It’s Not Just Gerrymandering

Give credit where it’s due–Republicans are so much more strategic than Democrats. Of course, maintaining minority control requires certain…techniques.

Talking Points Memo recently reported on Texas’ state takeover of Houston’s schools , in an update of an academic article that was first published in The Conversation by an NYU political science professor.

School takeovers are supposedly efforts to improve public school performance. (Although thirty years of that pesky thing called evidence says takeovers fail to do so.) In Texas, however, the usual justification for takeover–that the  school district is failing–was absent; the district was actually doing reasonably well.

It seems that in 2015, Texas’ Republican-dominated legislature granted the state authority to take over an entire school district if a single school in that district failed to meet state standards for five or more years.

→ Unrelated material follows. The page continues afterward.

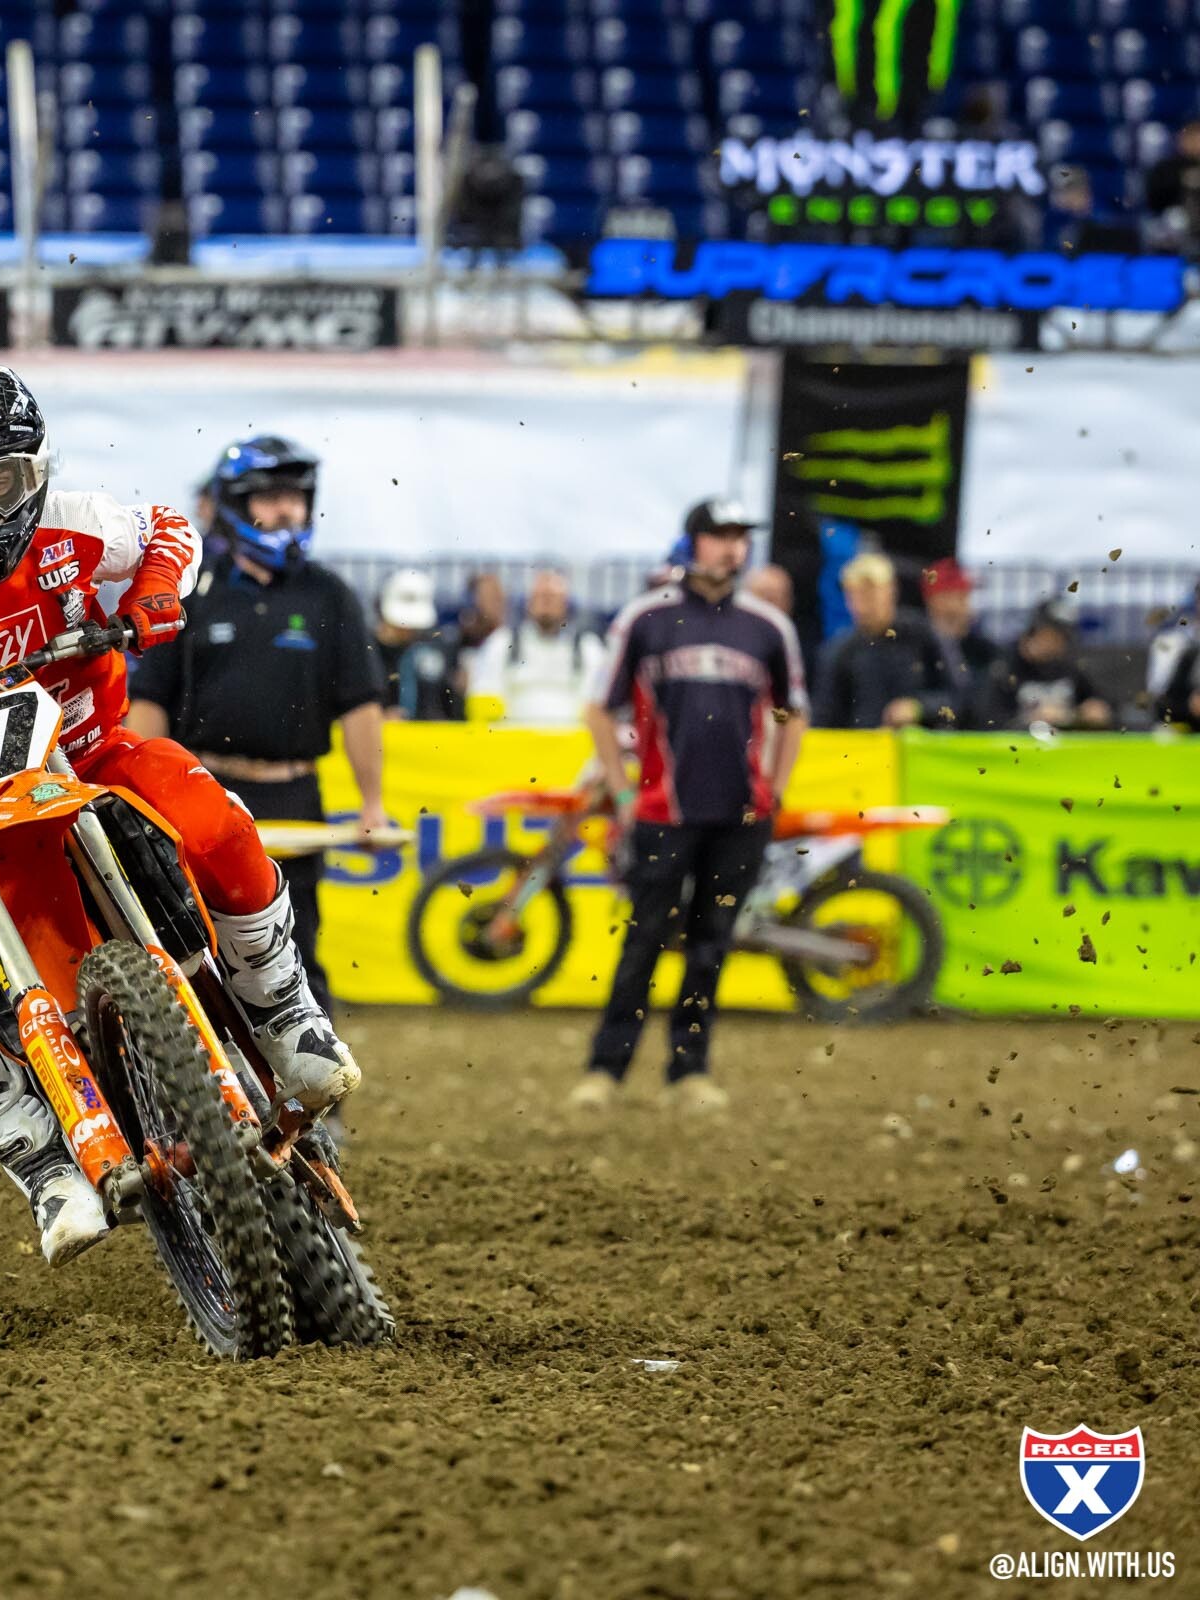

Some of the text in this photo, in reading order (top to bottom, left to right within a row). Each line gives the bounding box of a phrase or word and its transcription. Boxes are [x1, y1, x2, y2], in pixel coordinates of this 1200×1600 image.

[719, 130, 1045, 196] MONSTER
[42, 540, 73, 564] AMA
[87, 725, 102, 743] OIL

 Although the state has given the Houston Independent School District a B rating, it plans to take over the Houston schools because one school, Wheatley High School, has not made sufficient progress since 2017.

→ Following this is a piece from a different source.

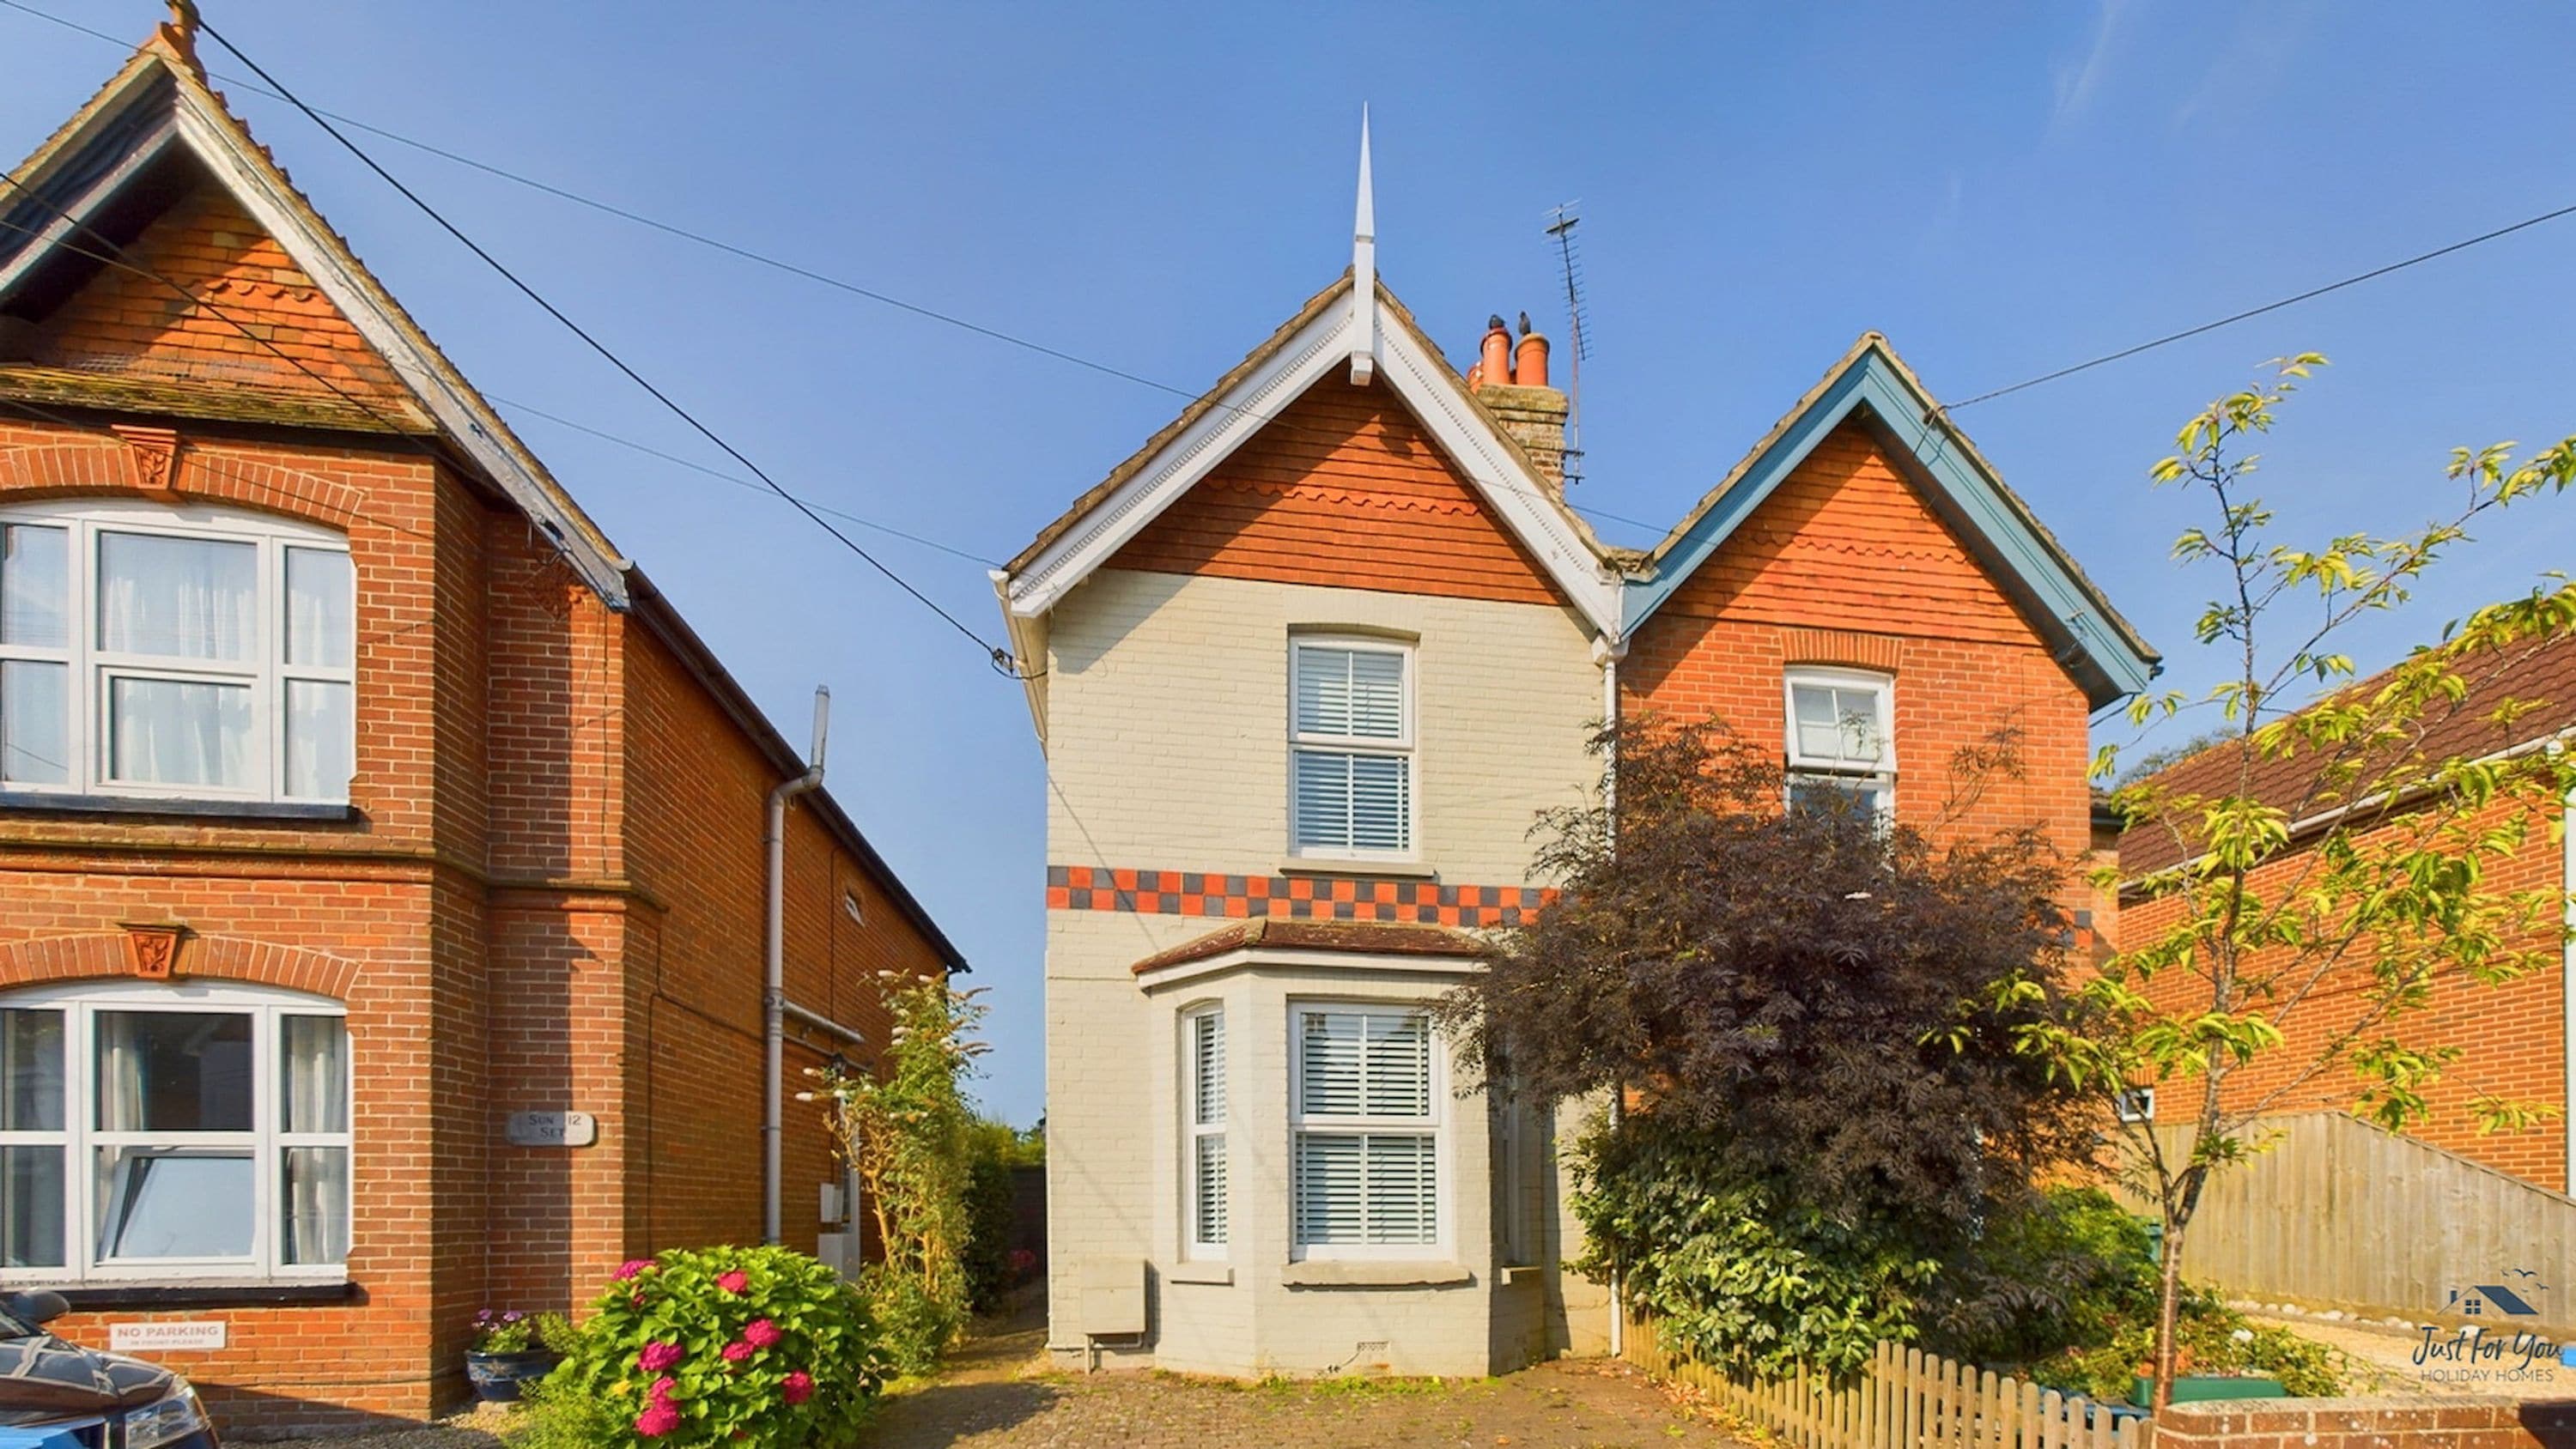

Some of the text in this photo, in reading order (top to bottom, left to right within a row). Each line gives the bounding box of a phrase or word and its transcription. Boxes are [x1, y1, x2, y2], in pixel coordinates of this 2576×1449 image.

[568, 1115, 581, 1125] 12
[118, 1325, 218, 1337] NO PARKING

Houston has 280 schools serving over 200,000 students. It employs roughly 12,000 teachers. Wheatley High School serves some 800 students, and employs 50 teachers. Why take over an entire system based on the performance of fewer than 1% of the district’s student/teacher population?

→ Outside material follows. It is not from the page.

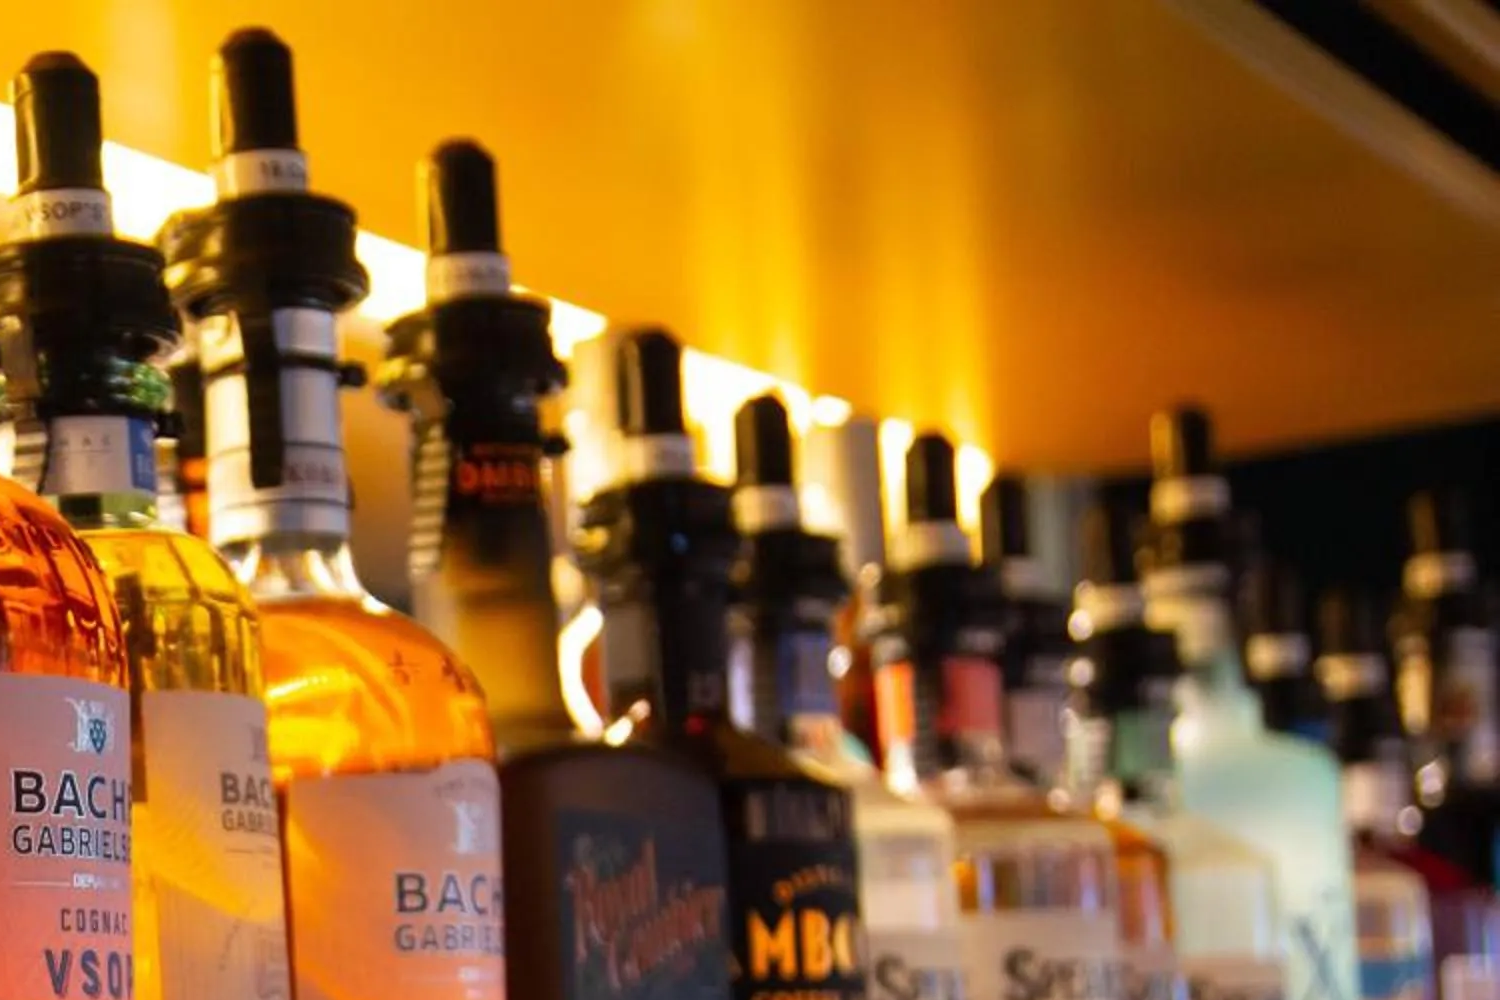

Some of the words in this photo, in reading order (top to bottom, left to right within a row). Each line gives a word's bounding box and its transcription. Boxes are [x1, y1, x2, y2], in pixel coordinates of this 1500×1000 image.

[12, 770, 132, 822] BACH
[12, 825, 132, 865] GABRIELS
[60, 907, 129, 936] COGNAC

Good question, and that NYU professor has an answer.

In order to understand the logic of the planned state takeover of the Houston schools, it pays to understand the important role that schools have played in the social, political and economic development of communities of color. Historically, communities of color have relied on school level politics as an entry point to broader political participation. School-level politics may involve issues like ending school segregation, demanding more resources for schools, increasing the numbers of teachers and administrators of color, and participating in school board elections.

The process of gaining political power at the local level – and eventually state level – often begins at the schools, particularly the school board. For instance, before Blacks and Latinos elect members of their communities to the city councils, the mayor’s office and the state legislatures, they often elect members to the school board first.

In virtually all Red states, Republicans are heavily dependent on White rural voters to retain power, and they gerrymander accordingly. But in states like Texas (and even, in some analyses, Indiana) population shifts mean that in a few years, racial districting won’t be sufficient.  Houston is the largest urban center in Texas; it’s at the forefront of the growing demographic challenge to the GOP’s grip on state power.

The nine-member Houston school board is reflective of the community it serves. It has three Latinos, four African Americans and two white school board members. This, in my view, is what has put the Houston public school system and school board at the forefront of a battle that is really about race and political power.

The Houston public school system is not failing. Rather–according to the article– Republican Gov. Greg Abbott, together with Education Commissioner Mike Morath and the Republican state legislature, has manufactured an education crisis to prevent people of color in Houston from gaining the sorts of experience and exposure that could eventually translate into statewide political power. (Immediately after the takeover, Abbott and his gang threw out all the board members.)

Takeovers aren’t as effective as gerrymandering, but ulterior motives are far less visible…..

What makes this scenario seem so improbable is that it requires considerable strategic smarts; from my Indiana vantage point, Gregg Abbott is a lot meaner than he is smart. But then I think about the massive gerrymandering that Republicans managed to pull off  in 2010, extensively detailed in the book “Ratfucked.” There were highly sophisticated–and undoubtedly highly paid–  political consultants who managed that very successful multi-state operation.

Maybe the Texas takeover is just part of the GOP’s unremitting war on public education, but the article makes a pretty compelling case that it’s part of the party’s ongoing effort to retain political control–control that is threatened by demographic shift.